Mona Salehi Ravesh1, Michael Puderbach2, Sebastian Ley3, Julia Ley-Zaporzhan3, Frank Risse1, Wilfried Schranz4, Wolfhard Semmler1, Frederik Bernd Laun1
1Department of Medical Physics in Radiology, German Cancer Research Center, Heidelberg, Germany; 2Department of Radiology, German Cancer Research Center, Heidelberg, Germany; 3Diagnostic and Interventional Radiology, University Hospital Heidelberg, Heidelberg, Germany; 4Nonlinear Physics Group, Faculty of Physics, University of Vienna, Vienna, Austria
Lung perfusion is a crucial prerequisite for effective gas exchange.
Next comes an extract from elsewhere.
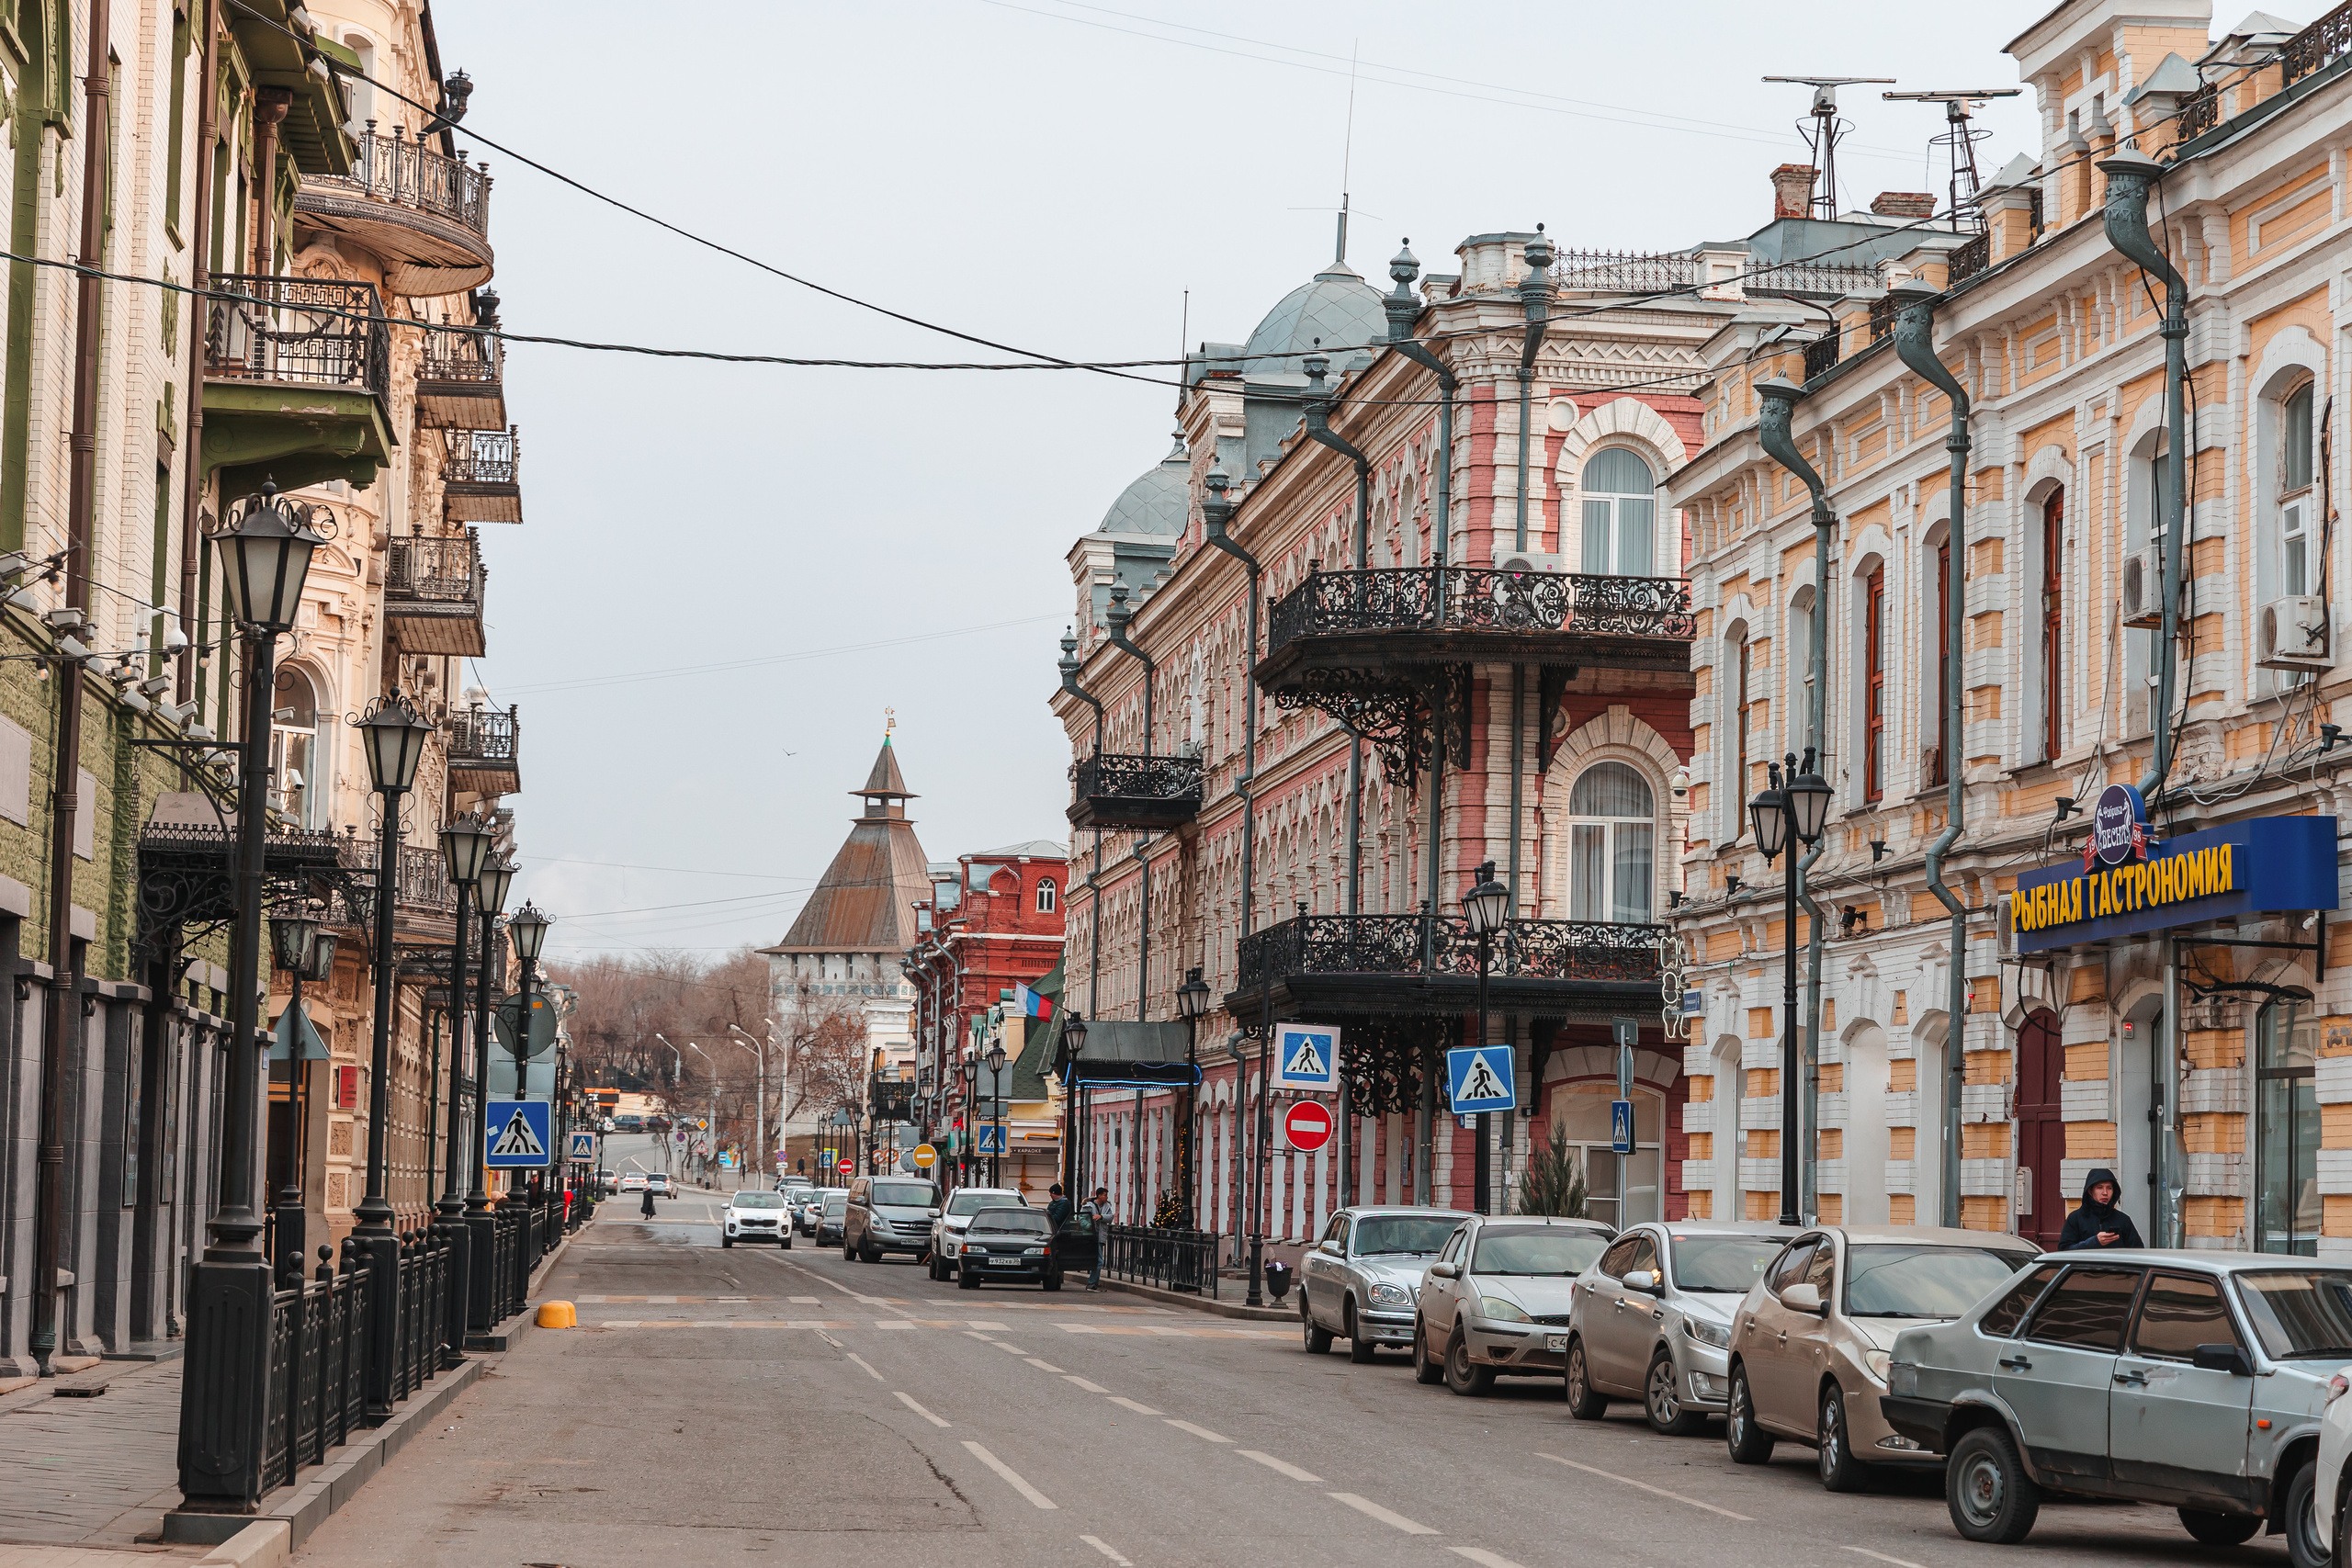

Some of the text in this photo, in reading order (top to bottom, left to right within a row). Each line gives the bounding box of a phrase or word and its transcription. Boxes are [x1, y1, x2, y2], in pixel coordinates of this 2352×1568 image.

An accurate quantification of pulmonary perfusion is therefore important for diagnostic considerations and treatment planning in various diseases of the lungs.The assessment of pulmonary perfusion by Dynamic Contrast-Enhanced Magnetic Resonance Imaging requires deconvolution of the arterial input function. In the presence of noise this is an ill-posed problem which leads to strongly oscillating, unphysical solutions when it is solved without regularization. In this study a novel method to quantify the pulmonary perfusion is used and compared to the singular value decomposition and L-curve criterion based on simulated and patient data.